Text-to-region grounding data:
'''

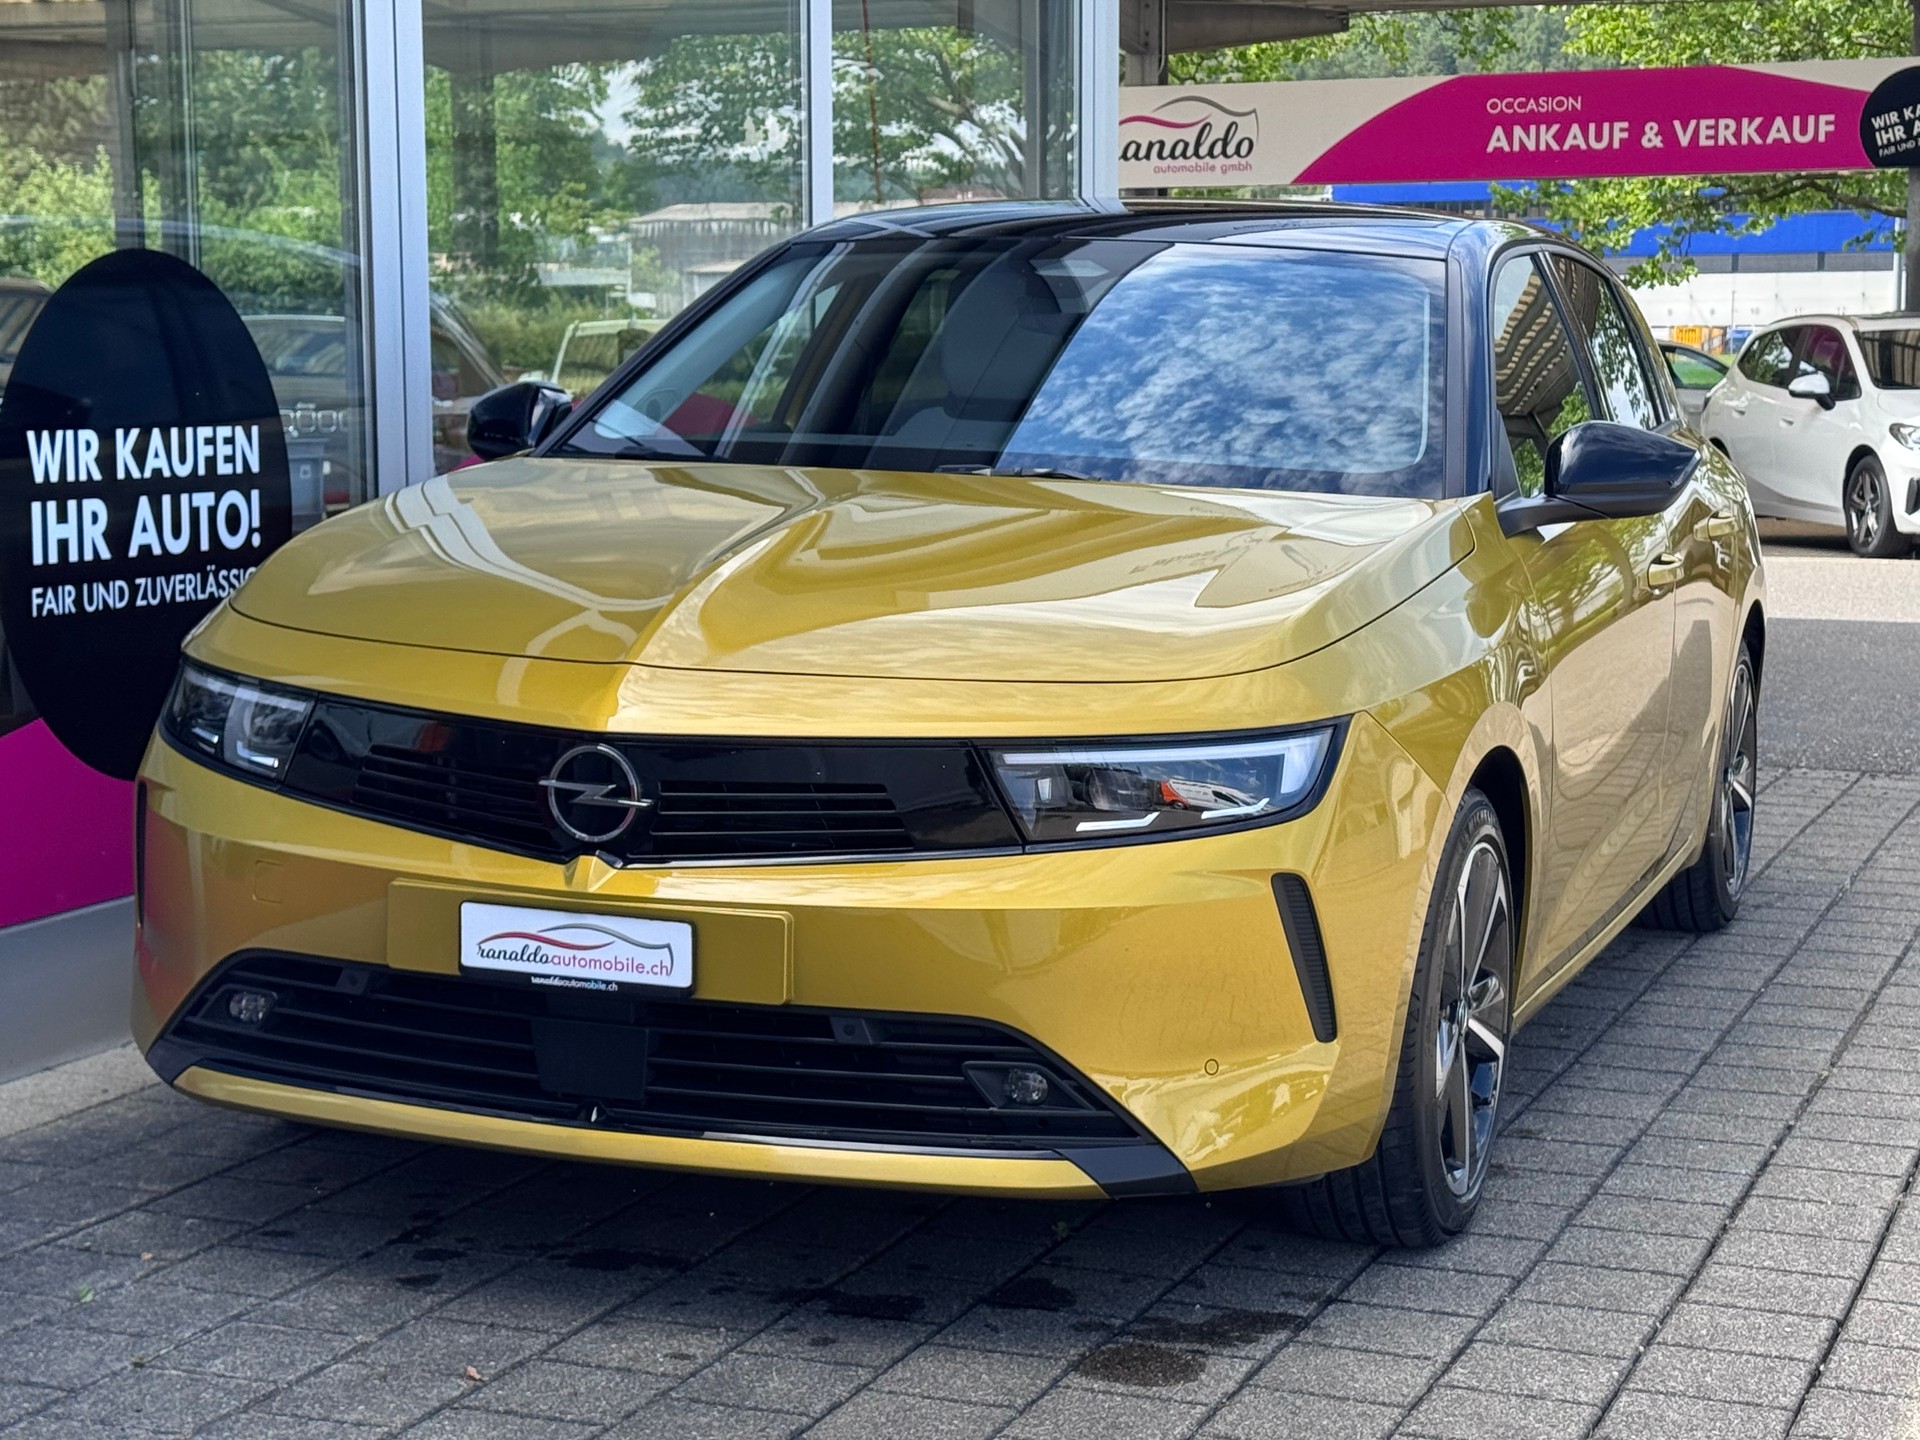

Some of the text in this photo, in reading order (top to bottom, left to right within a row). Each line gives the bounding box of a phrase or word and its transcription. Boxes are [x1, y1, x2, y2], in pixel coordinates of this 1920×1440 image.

[1486, 95, 1582, 114] OCCASION
[1871, 110, 1900, 129] WIR
[1119, 120, 1255, 161] analdo
[1486, 114, 1836, 153] ANKAUF & VERKAUF
[1875, 125, 1907, 147] IHR
[1878, 145, 1896, 158] FAIR
[1897, 139, 1916, 152] UND
[1153, 160, 1253, 175] automobile gmbh
[26, 424, 260, 484] WIR KAUFEN
[30, 489, 261, 566] IHR AUTO!
[31, 584, 76, 618] FAIR
[82, 580, 130, 613] UND
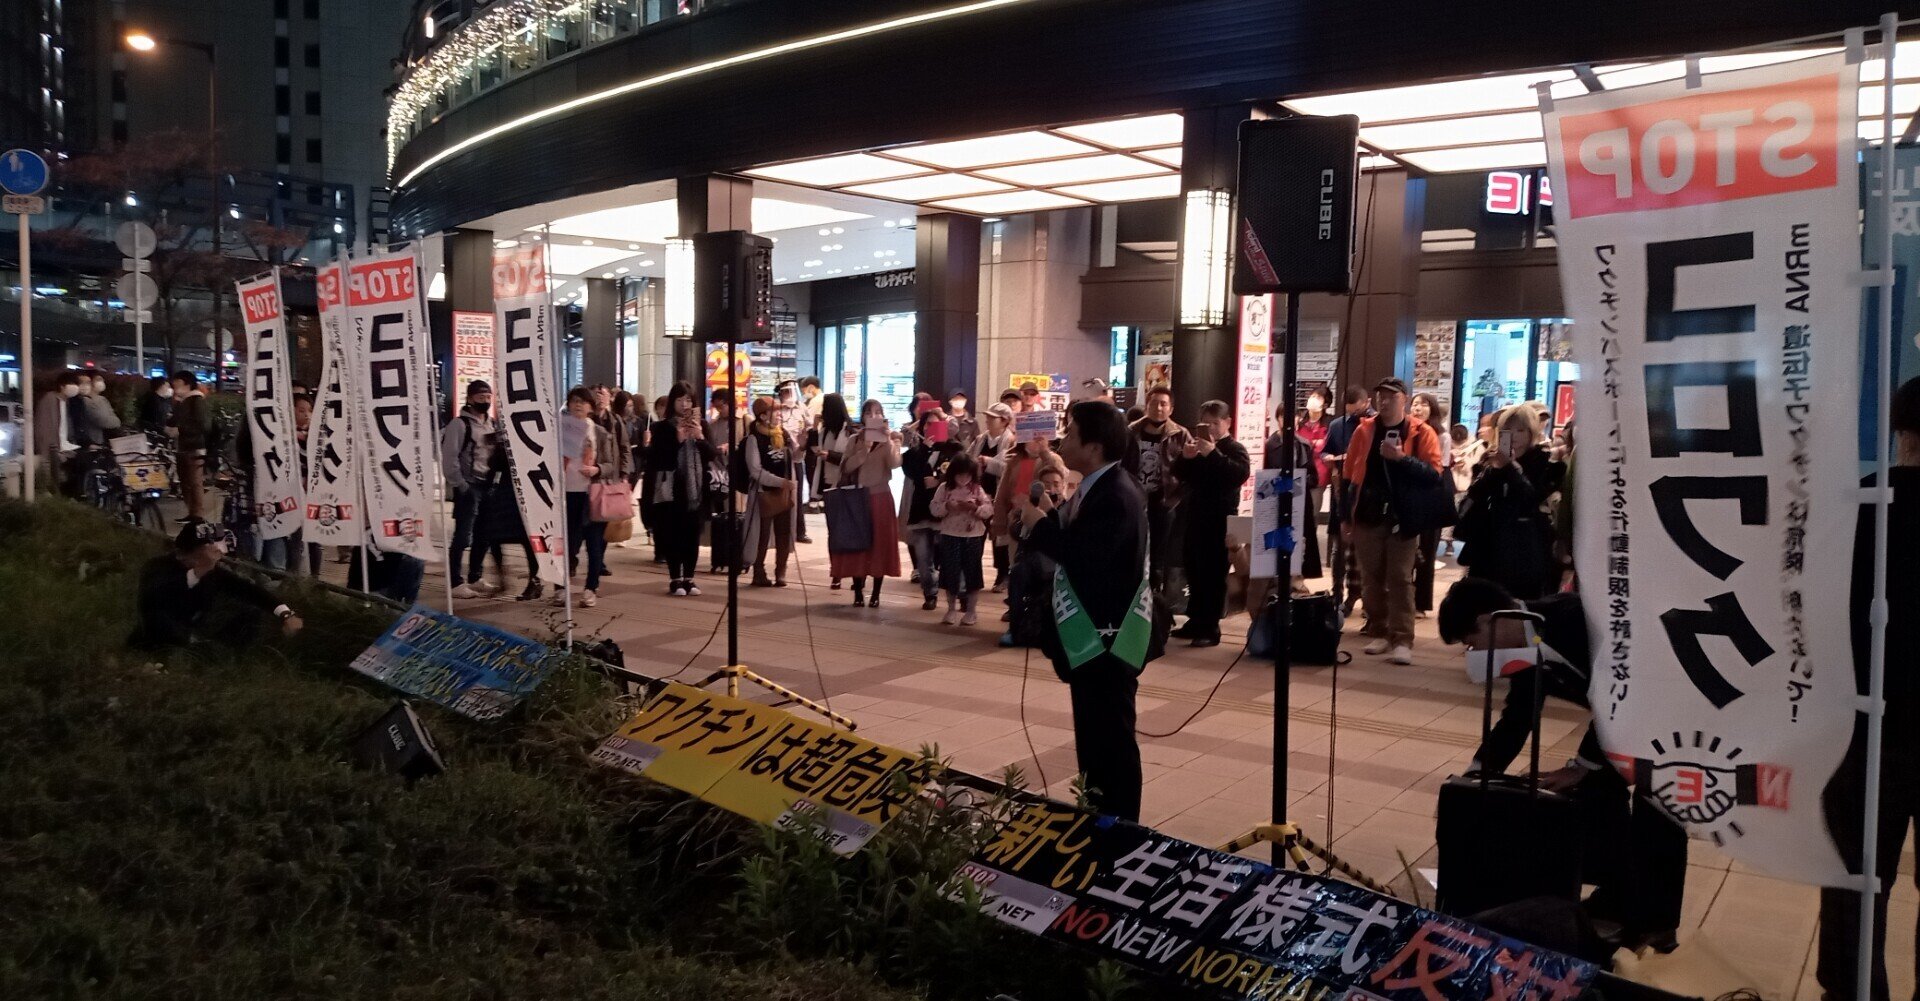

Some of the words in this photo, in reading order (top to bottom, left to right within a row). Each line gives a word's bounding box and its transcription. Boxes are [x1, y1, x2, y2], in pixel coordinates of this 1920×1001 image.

[1318, 168, 1334, 240] CUBE
[706, 350, 752, 387] 20
[628, 693, 930, 824] ワクチンは超危険
[1051, 904, 1110, 940] NO
[1098, 918, 1192, 964] NEW
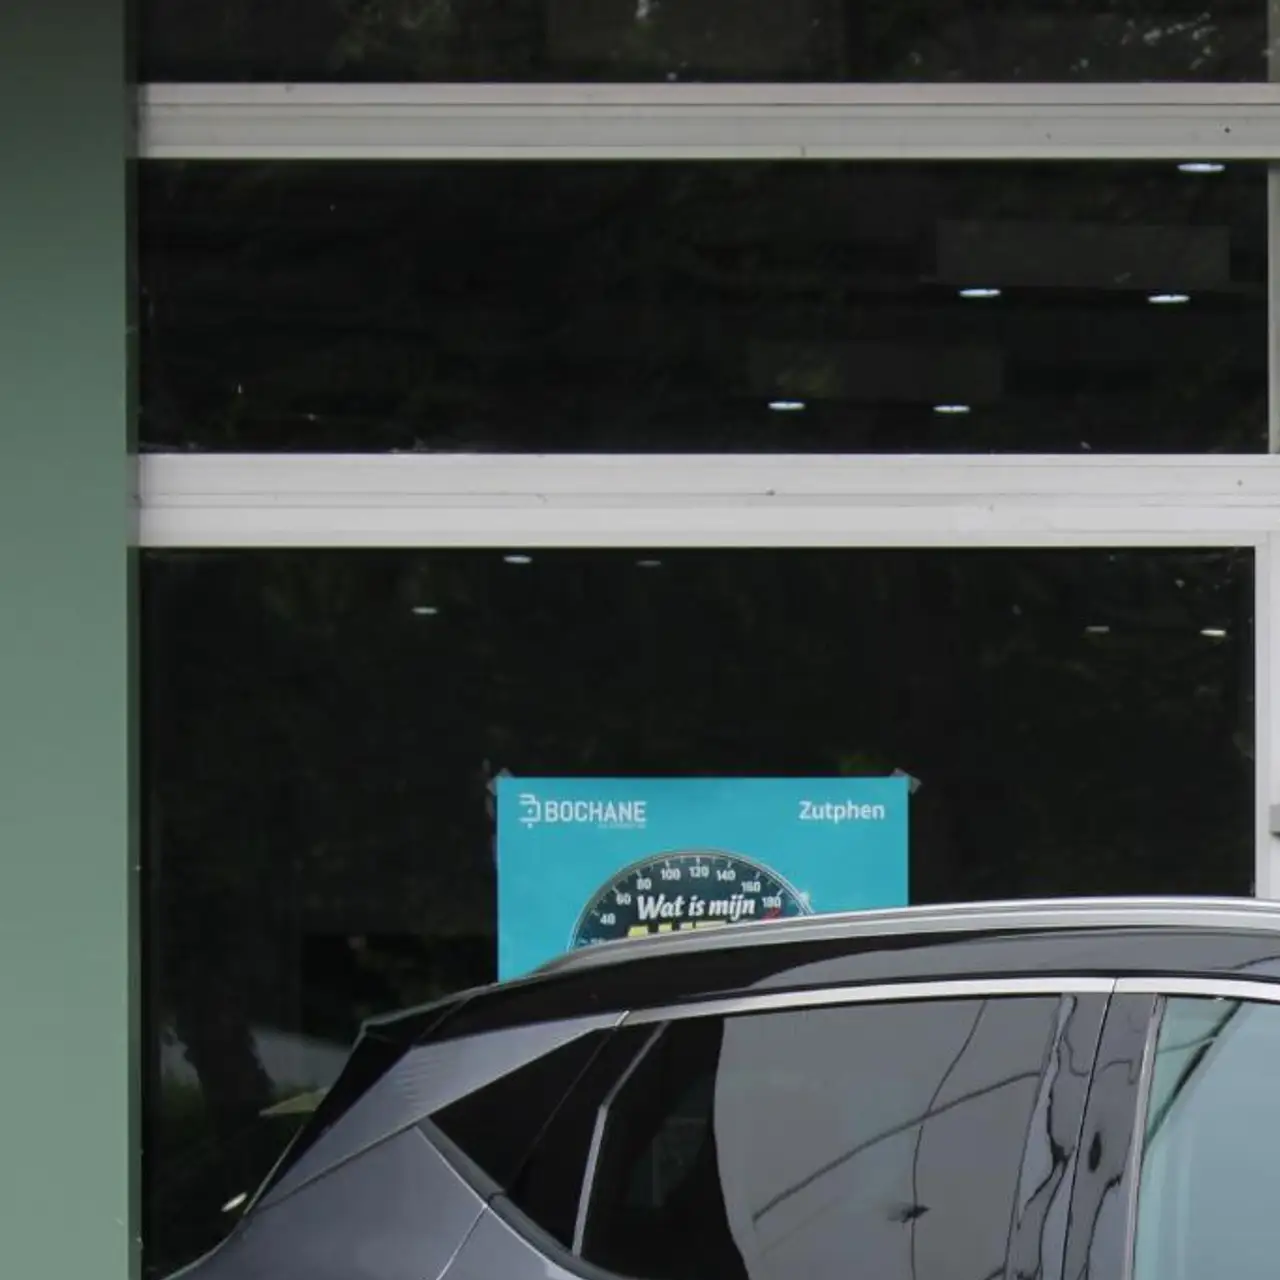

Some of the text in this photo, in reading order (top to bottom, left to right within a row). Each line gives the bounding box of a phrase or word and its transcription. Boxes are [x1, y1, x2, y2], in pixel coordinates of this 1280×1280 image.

[545, 800, 647, 822] BOCHANE
[799, 801, 885, 823] Zutphen
[636, 893, 756, 922] Wat is mijn
[600, 913, 616, 925] 40
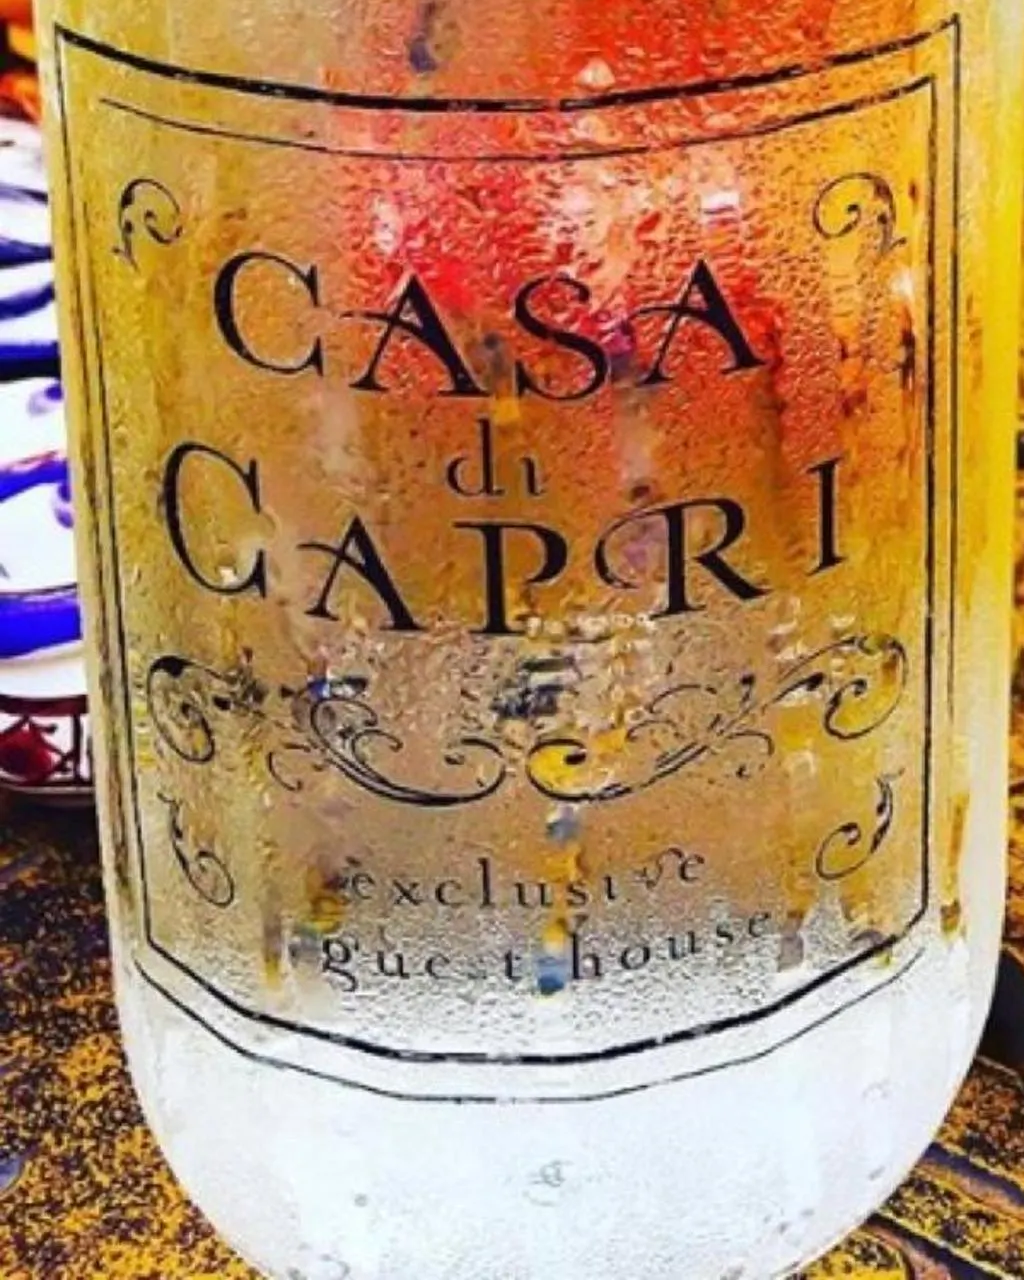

'''

# Task to carry out
Leave the pictures aside and print exactly, and only, the lines from the one with "this 1280×1280 image." through the end of the data, both included.

# Written response
Some of the text in this photo, in reading order (top to bottom, left to right within a row). Each line gives the bounding box of a phrase or word and its transcription. Boxes are [x1, y1, x2, y2], in pixel coordinates of this 1280×1280 image.

[545, 800, 647, 822] BOCHANE
[799, 801, 885, 823] Zutphen
[636, 893, 756, 922] Wat is mijn
[600, 913, 616, 925] 40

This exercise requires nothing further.